Activity —
Output only the span of lines that begins at the line containing "this 1408×1536 image." and ends at the last line of the data, both included, exactly as they appear.

Records for the task —
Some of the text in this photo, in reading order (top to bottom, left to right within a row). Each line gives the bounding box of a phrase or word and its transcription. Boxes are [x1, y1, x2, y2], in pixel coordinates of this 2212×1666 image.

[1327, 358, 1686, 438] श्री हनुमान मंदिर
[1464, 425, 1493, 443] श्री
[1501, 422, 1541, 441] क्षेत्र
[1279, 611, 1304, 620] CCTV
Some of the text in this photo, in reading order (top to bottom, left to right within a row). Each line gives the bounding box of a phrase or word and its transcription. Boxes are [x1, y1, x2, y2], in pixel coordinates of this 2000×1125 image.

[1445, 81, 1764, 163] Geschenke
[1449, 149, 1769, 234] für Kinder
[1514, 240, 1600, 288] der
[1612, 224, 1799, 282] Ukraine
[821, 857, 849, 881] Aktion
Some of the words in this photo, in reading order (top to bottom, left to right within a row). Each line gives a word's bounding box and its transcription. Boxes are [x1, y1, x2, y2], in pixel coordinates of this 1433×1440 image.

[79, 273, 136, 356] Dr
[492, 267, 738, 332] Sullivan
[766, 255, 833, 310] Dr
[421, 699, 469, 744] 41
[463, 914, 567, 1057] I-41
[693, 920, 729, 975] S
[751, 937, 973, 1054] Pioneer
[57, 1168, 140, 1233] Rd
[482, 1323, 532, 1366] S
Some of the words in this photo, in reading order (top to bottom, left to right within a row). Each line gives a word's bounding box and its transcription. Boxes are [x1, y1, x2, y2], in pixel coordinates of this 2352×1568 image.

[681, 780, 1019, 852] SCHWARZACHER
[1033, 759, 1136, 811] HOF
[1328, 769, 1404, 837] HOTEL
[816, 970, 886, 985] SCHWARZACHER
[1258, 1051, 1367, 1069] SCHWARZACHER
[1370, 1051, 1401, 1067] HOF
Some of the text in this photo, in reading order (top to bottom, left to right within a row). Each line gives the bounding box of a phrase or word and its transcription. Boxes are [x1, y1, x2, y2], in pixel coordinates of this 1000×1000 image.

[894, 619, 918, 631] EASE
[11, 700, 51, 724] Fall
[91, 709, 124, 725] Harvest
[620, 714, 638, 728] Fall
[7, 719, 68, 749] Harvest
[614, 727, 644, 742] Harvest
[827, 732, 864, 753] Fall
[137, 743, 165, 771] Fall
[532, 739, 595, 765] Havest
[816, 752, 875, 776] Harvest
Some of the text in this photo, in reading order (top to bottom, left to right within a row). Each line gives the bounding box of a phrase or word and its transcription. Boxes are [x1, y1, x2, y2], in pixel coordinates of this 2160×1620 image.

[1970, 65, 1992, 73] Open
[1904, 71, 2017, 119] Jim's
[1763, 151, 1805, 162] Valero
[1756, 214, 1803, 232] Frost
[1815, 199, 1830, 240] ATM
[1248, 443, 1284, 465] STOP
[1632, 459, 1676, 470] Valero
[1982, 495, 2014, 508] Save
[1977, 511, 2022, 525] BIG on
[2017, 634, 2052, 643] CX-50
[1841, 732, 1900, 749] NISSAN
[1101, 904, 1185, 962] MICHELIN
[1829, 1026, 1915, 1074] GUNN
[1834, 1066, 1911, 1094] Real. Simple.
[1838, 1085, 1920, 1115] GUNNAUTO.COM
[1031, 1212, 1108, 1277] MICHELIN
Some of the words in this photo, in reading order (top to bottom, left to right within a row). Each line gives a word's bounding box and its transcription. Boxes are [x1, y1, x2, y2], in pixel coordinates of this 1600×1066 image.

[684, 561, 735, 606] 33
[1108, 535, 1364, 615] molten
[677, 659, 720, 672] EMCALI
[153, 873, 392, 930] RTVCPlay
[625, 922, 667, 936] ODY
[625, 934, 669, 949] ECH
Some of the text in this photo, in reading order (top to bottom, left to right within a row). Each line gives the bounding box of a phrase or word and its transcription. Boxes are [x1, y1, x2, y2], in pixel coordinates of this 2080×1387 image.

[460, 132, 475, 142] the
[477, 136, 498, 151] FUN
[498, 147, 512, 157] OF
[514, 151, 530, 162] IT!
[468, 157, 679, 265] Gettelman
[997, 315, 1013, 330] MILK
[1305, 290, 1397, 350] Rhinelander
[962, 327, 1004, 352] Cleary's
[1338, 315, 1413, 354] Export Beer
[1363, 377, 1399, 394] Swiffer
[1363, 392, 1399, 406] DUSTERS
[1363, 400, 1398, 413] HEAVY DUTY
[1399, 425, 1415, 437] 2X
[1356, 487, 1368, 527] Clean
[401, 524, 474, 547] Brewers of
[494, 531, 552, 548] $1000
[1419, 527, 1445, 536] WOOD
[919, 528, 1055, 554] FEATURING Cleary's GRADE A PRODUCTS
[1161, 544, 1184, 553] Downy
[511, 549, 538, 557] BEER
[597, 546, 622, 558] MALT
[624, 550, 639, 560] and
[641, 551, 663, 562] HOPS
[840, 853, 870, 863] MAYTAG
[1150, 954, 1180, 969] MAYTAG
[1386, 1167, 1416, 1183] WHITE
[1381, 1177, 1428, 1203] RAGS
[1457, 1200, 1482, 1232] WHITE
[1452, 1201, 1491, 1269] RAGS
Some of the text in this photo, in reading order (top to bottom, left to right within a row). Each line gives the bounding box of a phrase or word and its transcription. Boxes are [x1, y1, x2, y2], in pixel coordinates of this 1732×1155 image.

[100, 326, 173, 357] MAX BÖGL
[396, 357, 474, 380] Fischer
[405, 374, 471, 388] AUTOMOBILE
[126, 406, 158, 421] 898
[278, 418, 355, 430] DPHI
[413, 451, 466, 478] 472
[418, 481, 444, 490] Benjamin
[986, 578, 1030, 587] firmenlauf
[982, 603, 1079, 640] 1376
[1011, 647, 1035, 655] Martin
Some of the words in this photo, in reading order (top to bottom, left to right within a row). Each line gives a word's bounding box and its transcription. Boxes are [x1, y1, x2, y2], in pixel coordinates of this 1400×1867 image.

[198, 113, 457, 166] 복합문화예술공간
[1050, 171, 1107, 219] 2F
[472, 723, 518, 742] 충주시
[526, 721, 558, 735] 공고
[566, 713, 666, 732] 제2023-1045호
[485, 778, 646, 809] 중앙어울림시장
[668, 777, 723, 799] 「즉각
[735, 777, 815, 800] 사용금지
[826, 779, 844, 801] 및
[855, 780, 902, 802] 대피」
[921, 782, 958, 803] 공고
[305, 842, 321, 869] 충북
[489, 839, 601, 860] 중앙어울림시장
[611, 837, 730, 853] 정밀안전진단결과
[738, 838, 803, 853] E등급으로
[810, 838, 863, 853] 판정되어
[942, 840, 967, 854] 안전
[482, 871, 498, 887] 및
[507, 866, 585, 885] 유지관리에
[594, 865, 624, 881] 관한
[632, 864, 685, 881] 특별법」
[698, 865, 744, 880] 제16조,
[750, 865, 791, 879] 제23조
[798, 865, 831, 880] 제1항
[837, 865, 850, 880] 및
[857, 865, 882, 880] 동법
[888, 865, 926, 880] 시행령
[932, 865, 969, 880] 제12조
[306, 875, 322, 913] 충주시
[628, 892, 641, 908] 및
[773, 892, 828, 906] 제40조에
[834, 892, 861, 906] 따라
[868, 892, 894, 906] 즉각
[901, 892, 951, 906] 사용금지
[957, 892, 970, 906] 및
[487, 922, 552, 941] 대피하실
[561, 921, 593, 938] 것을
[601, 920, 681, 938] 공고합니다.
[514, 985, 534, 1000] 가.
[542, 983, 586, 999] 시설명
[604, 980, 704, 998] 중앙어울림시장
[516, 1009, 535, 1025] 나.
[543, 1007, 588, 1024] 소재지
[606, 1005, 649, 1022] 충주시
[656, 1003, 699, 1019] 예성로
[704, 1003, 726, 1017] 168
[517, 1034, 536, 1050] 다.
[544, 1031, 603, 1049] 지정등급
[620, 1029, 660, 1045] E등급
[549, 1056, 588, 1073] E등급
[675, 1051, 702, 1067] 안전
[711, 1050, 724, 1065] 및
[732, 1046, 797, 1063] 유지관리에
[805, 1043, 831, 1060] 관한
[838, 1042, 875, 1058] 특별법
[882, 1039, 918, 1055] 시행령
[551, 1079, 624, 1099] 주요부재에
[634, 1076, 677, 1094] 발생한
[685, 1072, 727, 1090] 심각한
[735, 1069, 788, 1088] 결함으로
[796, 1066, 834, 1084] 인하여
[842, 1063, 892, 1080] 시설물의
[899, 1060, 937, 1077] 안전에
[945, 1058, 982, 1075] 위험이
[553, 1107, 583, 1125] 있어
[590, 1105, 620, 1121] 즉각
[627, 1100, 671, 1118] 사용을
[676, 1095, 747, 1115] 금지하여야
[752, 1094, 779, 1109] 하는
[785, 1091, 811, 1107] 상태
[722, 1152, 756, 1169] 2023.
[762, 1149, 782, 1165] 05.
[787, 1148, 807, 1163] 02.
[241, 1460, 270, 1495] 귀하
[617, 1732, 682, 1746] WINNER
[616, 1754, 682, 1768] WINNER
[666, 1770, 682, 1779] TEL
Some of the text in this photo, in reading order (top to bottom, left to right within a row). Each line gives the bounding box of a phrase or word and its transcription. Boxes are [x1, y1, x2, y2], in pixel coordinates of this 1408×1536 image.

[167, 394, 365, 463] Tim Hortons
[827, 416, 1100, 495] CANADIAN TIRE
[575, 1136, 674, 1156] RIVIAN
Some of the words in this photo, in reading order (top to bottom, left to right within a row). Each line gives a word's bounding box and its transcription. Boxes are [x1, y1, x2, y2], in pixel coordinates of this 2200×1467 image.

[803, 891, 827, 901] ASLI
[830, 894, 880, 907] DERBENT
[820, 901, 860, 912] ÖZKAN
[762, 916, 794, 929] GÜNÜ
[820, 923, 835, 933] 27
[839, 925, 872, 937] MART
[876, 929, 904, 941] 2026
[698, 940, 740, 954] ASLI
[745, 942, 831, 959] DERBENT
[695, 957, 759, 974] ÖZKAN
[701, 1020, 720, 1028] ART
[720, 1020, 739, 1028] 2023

Exercise output —
Some of the text in this photo, in reading order (top to bottom, left to right within a row). Each line gives the bounding box of a phrase or word and its transcription. Boxes are [x1, y1, x2, y2], in pixel coordinates of this 1408×1536 image.

[167, 394, 365, 463] Tim Hortons
[827, 416, 1100, 495] CANADIAN TIRE
[575, 1136, 674, 1156] RIVIAN
Some of the words in this photo, in reading order (top to bottom, left to right within a row). Each line gives a word's bounding box and its transcription. Boxes are [x1, y1, x2, y2], in pixel coordinates of this 2200×1467 image.

[803, 891, 827, 901] ASLI
[830, 894, 880, 907] DERBENT
[820, 901, 860, 912] ÖZKAN
[762, 916, 794, 929] GÜNÜ
[820, 923, 835, 933] 27
[839, 925, 872, 937] MART
[876, 929, 904, 941] 2026
[698, 940, 740, 954] ASLI
[745, 942, 831, 959] DERBENT
[695, 957, 759, 974] ÖZKAN
[701, 1020, 720, 1028] ART
[720, 1020, 739, 1028] 2023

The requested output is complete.